Wisst ihr vllt auch wo man im Internet brauchbares Übungmaterial bekommt,zb. Infos die man wissen muss oder etwas anderes

Ich freue mich auf eure Antworten

Fabian


----------



## Rotauge (15. April 2006)

*AW: Angelschein*

Hi Lindaman,

zunächst müssen wir mal wissen, aus welchem Bundesland du kommst!!! |wavey:


----------



## Lindaman (15. April 2006)

*AW: Angelschein*

Ich komme aus Nrw-Düsseldorf also in der nähe (Langenfeld) Plz 40764


----------



## Knurrhahn (15. April 2006)

*AW: Angelschein*

Schau mal hier
Für Brandenburg sind da alle Fragen zu finden.


----------



## Knurrhahn (15. April 2006)

*AW: Angelschein*

Hier sind Fragen zum üben
Die richtige Antwort zu jeder Frage im eingestellten Fragenpool ist die Antwort A.


----------



## Lindaman (15. April 2006)

*AW: Angelschein*

ich finde dort keine fragen


----------



## Lachsy (15. April 2006)

*AW: Angelschein*

Also du musst zum Rathaus, bzw zu der unteren Fischereibehörde, und dich dort für die Prüfung anmelden. In NRW ist es keine Pflicht ein Vorbereitungslehrgang mitzumachen.
Schwer ist die prüfung nicht. Die praxis besteht aus Angel zusammenstellung vieleicht auch den zusammenbau.

Betreffend der fragen, frag mal user nikmark der kann dir da weiterhelfen 

hier kannste auch online lernen http://www.fangplatz.de/mod.php?mod=userpage&menu=33&page_id=29

mfg Lachsy


----------



## Knurrhahn (15. April 2006)

*AW: Angelschein*

Versuch es noch mal, ich habe es geändert.


----------



## Lindaman (15. April 2006)

*AW: Angelschein*

lachsy super seite vielen dank


----------



## Lachsy (15. April 2006)

*AW: Angelschein*

frag hier nach ob diese jahr noch eine Prüfung stattfindet

http://langenfeld.active-city.net/c...tails.cfm?region_id=138&design_id=865&id=6145

Informationen zur Fischereiprüfung sind bei der Unteren Fischereibehörde der Kreisverwaltung Mettmann (Tel.: 02104/99-0) erhältlich. Diese setzt zur Zeit jährlich 2 Prüfungstermine fest.

mfg Lachsy


----------



## grintz (16. April 2006)

*AW: Angelschein*

Also für die Fischereiprüfung gilt, wie für jede andere Prüfung auch, lernen lernen und nochmal lernen bis es dir aus den Ohren rauskommt du musst die Fragen im Schlaf beantworten können dann klappts auch in der Prüfung ;-) !
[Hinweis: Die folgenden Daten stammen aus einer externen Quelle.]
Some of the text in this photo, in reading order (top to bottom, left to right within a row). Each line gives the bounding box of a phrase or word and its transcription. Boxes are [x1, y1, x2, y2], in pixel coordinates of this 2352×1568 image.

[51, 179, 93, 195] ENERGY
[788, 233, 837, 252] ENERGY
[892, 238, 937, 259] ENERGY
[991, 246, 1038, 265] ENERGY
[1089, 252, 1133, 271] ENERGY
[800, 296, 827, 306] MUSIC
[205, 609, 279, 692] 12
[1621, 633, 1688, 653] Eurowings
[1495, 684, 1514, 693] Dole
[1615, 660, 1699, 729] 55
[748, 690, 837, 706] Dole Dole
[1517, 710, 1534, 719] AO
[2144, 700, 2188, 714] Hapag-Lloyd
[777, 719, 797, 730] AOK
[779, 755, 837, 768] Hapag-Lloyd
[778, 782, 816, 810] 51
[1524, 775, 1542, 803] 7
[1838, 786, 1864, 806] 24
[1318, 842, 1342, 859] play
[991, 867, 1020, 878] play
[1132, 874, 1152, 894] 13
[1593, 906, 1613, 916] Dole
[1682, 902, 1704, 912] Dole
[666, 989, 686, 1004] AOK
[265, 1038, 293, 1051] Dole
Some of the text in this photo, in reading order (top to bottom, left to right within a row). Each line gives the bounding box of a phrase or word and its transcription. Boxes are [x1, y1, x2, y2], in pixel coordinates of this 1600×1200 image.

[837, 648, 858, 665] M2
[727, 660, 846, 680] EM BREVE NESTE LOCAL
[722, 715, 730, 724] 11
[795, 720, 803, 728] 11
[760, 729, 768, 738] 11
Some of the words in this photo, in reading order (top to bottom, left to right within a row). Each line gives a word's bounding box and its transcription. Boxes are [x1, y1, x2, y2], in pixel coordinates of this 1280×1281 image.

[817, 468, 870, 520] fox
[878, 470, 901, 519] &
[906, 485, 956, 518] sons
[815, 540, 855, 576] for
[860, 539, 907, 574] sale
Viel Glück und Spass beim lernen !


----------



## Lindaman (16. April 2006)

*AW: Angelschein*

vielen dank für eure tipps jo scheint ja recht umfangreich zu sein nur um angeln zu gehen-.-
Für mich war es ja immer etwas ruhiges und so

Ich glaub ja immer noch das man denn ganzen scheiß größtenteils nicht wissen muss,das Angeln ohne wissen hat ja immer noch am meisten Spaß gemacht


----------



## Makreli (16. April 2006)

*AW: Angelschein*

Also ich habe bestanden wenn ein so kleiner wie ich bestehe wirst du bestimmt locker bestehen!


----------



## Lindaman (16. April 2006)

*AW: Angelschein*

wieso klein wie alt biste denn


----------



## Lachsy (16. April 2006)

*AW: Angelschein*

er ist 11 jahre und ich glaube erst ab 14 bekommst den richtigen bis dahin ist es wohl der jugendfischereischein, alleine angeln ist da nicht  da muss soviel ich weis immer ein inhaber des ab 14 jahren erhältlichen Fischereischein dabei sein. 


mfg Lachsy


----------



## Lindaman (16. April 2006)

*AW: Angelschein*

genau deswegen frage ich

lachsy danke nochmal für die links^^
ich habe zu ostern das sportfischer buch vom lidl bekommen!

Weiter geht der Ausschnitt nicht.